→ **WHAT YOU WILL DO**:
Set down the records again, keeping each line exactly as it is.

→ **STORED DATA**:
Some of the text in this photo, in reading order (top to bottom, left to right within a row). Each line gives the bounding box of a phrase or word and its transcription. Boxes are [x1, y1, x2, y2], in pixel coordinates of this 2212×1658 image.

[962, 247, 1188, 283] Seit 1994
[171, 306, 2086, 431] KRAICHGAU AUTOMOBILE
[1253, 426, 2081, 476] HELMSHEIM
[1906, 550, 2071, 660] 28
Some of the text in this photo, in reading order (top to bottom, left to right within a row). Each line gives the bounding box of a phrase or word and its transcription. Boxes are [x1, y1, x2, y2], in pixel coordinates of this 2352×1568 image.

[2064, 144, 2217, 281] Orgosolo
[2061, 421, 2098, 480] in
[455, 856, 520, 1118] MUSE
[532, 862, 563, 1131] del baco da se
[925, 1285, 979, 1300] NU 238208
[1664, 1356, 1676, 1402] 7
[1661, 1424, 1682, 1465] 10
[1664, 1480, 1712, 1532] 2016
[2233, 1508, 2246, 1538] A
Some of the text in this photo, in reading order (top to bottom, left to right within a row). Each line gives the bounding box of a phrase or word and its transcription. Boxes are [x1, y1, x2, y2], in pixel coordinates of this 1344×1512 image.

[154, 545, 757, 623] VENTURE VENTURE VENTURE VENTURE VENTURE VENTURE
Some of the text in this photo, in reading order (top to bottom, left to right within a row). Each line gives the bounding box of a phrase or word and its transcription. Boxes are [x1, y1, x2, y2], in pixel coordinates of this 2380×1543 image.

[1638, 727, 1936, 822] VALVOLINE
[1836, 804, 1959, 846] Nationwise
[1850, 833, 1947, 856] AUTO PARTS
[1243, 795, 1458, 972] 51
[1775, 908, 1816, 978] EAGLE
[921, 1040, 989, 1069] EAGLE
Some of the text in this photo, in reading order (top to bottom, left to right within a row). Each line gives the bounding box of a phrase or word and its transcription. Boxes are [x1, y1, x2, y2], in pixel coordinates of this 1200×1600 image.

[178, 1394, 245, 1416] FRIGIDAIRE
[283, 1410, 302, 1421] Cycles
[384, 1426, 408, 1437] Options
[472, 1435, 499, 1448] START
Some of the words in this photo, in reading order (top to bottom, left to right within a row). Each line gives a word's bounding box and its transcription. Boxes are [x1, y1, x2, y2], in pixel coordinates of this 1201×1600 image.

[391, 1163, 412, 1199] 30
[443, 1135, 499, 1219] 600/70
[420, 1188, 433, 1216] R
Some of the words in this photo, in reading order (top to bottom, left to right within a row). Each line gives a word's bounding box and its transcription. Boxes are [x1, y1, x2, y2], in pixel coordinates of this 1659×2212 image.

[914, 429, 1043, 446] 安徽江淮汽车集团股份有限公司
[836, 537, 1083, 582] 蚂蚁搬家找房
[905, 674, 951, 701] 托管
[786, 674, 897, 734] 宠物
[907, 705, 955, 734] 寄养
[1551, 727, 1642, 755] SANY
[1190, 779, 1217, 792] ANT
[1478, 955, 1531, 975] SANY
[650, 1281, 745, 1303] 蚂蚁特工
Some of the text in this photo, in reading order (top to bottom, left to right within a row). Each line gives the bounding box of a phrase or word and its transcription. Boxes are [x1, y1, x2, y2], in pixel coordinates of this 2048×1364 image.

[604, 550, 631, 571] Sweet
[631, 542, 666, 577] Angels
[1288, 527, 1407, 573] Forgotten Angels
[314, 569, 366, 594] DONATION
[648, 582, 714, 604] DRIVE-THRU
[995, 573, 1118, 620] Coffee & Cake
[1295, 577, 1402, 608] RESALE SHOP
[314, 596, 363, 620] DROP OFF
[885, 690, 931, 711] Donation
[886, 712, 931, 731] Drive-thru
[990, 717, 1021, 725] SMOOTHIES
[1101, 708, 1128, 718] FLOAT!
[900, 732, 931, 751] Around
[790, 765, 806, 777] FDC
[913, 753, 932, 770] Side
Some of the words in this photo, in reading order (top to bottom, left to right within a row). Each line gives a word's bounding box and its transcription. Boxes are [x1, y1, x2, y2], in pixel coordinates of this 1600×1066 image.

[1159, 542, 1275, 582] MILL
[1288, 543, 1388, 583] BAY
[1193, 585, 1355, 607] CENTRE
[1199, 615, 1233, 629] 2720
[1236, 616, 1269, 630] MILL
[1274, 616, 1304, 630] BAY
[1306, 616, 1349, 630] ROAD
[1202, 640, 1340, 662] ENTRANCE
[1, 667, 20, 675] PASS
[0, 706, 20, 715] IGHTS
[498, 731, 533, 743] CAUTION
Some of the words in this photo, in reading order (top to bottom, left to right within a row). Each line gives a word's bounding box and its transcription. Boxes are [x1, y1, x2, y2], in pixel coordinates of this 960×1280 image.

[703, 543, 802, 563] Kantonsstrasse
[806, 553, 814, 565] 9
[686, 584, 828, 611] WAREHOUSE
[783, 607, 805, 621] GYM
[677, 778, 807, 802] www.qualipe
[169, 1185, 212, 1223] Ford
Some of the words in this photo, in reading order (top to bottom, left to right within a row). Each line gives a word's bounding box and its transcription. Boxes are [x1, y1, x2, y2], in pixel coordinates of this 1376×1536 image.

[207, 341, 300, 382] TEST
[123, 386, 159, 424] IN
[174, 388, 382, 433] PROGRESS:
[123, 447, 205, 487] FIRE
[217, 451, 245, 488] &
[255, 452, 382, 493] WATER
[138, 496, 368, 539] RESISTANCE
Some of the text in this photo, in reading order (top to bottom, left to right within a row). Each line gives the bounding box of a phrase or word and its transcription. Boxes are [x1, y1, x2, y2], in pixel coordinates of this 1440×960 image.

→ **ANSWER SECTION**:
Some of the text in this photo, in reading order (top to bottom, left to right within a row). Each line gives the bounding box of a phrase or word and its transcription. Boxes are [x1, y1, x2, y2], in pixel coordinates of this 2212×1658 image.

[962, 247, 1188, 283] Seit 1994
[171, 306, 2086, 431] KRAICHGAU AUTOMOBILE
[1253, 426, 2081, 476] HELMSHEIM
[1906, 550, 2071, 660] 28
Some of the text in this photo, in reading order (top to bottom, left to right within a row). Each line gives the bounding box of a phrase or word and its transcription. Boxes are [x1, y1, x2, y2], in pixel coordinates of this 2352×1568 image.

[2064, 144, 2217, 281] Orgosolo
[2061, 421, 2098, 480] in
[455, 856, 520, 1118] MUSE
[532, 862, 563, 1131] del baco da se
[925, 1285, 979, 1300] NU 238208
[1664, 1356, 1676, 1402] 7
[1661, 1424, 1682, 1465] 10
[1664, 1480, 1712, 1532] 2016
[2233, 1508, 2246, 1538] A
Some of the text in this photo, in reading order (top to bottom, left to right within a row). Each line gives the bounding box of a phrase or word and its transcription. Boxes are [x1, y1, x2, y2], in pixel coordinates of this 1344×1512 image.

[154, 545, 757, 623] VENTURE VENTURE VENTURE VENTURE VENTURE VENTURE
Some of the text in this photo, in reading order (top to bottom, left to right within a row). Each line gives the bounding box of a phrase or word and its transcription. Boxes are [x1, y1, x2, y2], in pixel coordinates of this 2380×1543 image.

[1638, 727, 1936, 822] VALVOLINE
[1836, 804, 1959, 846] Nationwise
[1850, 833, 1947, 856] AUTO PARTS
[1243, 795, 1458, 972] 51
[1775, 908, 1816, 978] EAGLE
[921, 1040, 989, 1069] EAGLE
Some of the text in this photo, in reading order (top to bottom, left to right within a row). Each line gives the bounding box of a phrase or word and its transcription. Boxes are [x1, y1, x2, y2], in pixel coordinates of this 1200×1600 image.

[178, 1394, 245, 1416] FRIGIDAIRE
[283, 1410, 302, 1421] Cycles
[384, 1426, 408, 1437] Options
[472, 1435, 499, 1448] START
Some of the words in this photo, in reading order (top to bottom, left to right within a row). Each line gives a word's bounding box and its transcription. Boxes are [x1, y1, x2, y2], in pixel coordinates of this 1201×1600 image.

[391, 1163, 412, 1199] 30
[443, 1135, 499, 1219] 600/70
[420, 1188, 433, 1216] R
Some of the words in this photo, in reading order (top to bottom, left to right within a row). Each line gives a word's bounding box and its transcription. Boxes are [x1, y1, x2, y2], in pixel coordinates of this 1659×2212 image.

[914, 429, 1043, 446] 安徽江淮汽车集团股份有限公司
[836, 537, 1083, 582] 蚂蚁搬家找房
[905, 674, 951, 701] 托管
[786, 674, 897, 734] 宠物
[907, 705, 955, 734] 寄养
[1551, 727, 1642, 755] SANY
[1190, 779, 1217, 792] ANT
[1478, 955, 1531, 975] SANY
[650, 1281, 745, 1303] 蚂蚁特工
Some of the text in this photo, in reading order (top to bottom, left to right within a row). Each line gives the bounding box of a phrase or word and its transcription. Boxes are [x1, y1, x2, y2], in pixel coordinates of this 2048×1364 image.

[604, 550, 631, 571] Sweet
[631, 542, 666, 577] Angels
[1288, 527, 1407, 573] Forgotten Angels
[314, 569, 366, 594] DONATION
[648, 582, 714, 604] DRIVE-THRU
[995, 573, 1118, 620] Coffee & Cake
[1295, 577, 1402, 608] RESALE SHOP
[314, 596, 363, 620] DROP OFF
[885, 690, 931, 711] Donation
[886, 712, 931, 731] Drive-thru
[990, 717, 1021, 725] SMOOTHIES
[1101, 708, 1128, 718] FLOAT!
[900, 732, 931, 751] Around
[790, 765, 806, 777] FDC
[913, 753, 932, 770] Side
Some of the words in this photo, in reading order (top to bottom, left to right within a row). Each line gives a word's bounding box and its transcription. Boxes are [x1, y1, x2, y2], in pixel coordinates of this 1600×1066 image.

[1159, 542, 1275, 582] MILL
[1288, 543, 1388, 583] BAY
[1193, 585, 1355, 607] CENTRE
[1199, 615, 1233, 629] 2720
[1236, 616, 1269, 630] MILL
[1274, 616, 1304, 630] BAY
[1306, 616, 1349, 630] ROAD
[1202, 640, 1340, 662] ENTRANCE
[1, 667, 20, 675] PASS
[0, 706, 20, 715] IGHTS
[498, 731, 533, 743] CAUTION
Some of the words in this photo, in reading order (top to bottom, left to right within a row). Each line gives a word's bounding box and its transcription. Boxes are [x1, y1, x2, y2], in pixel coordinates of this 960×1280 image.

[703, 543, 802, 563] Kantonsstrasse
[806, 553, 814, 565] 9
[686, 584, 828, 611] WAREHOUSE
[783, 607, 805, 621] GYM
[677, 778, 807, 802] www.qualipe
[169, 1185, 212, 1223] Ford
Some of the words in this photo, in reading order (top to bottom, left to right within a row). Each line gives a word's bounding box and its transcription. Boxes are [x1, y1, x2, y2], in pixel coordinates of this 1376×1536 image.

[207, 341, 300, 382] TEST
[123, 386, 159, 424] IN
[174, 388, 382, 433] PROGRESS:
[123, 447, 205, 487] FIRE
[217, 451, 245, 488] &
[255, 452, 382, 493] WATER
[138, 496, 368, 539] RESISTANCE
Some of the text in this photo, in reading order (top to bottom, left to right within a row). Each line gives the bounding box of a phrase or word and its transcription. Boxes are [x1, y1, x2, y2], in pixel coordinates of this 1440×960 image.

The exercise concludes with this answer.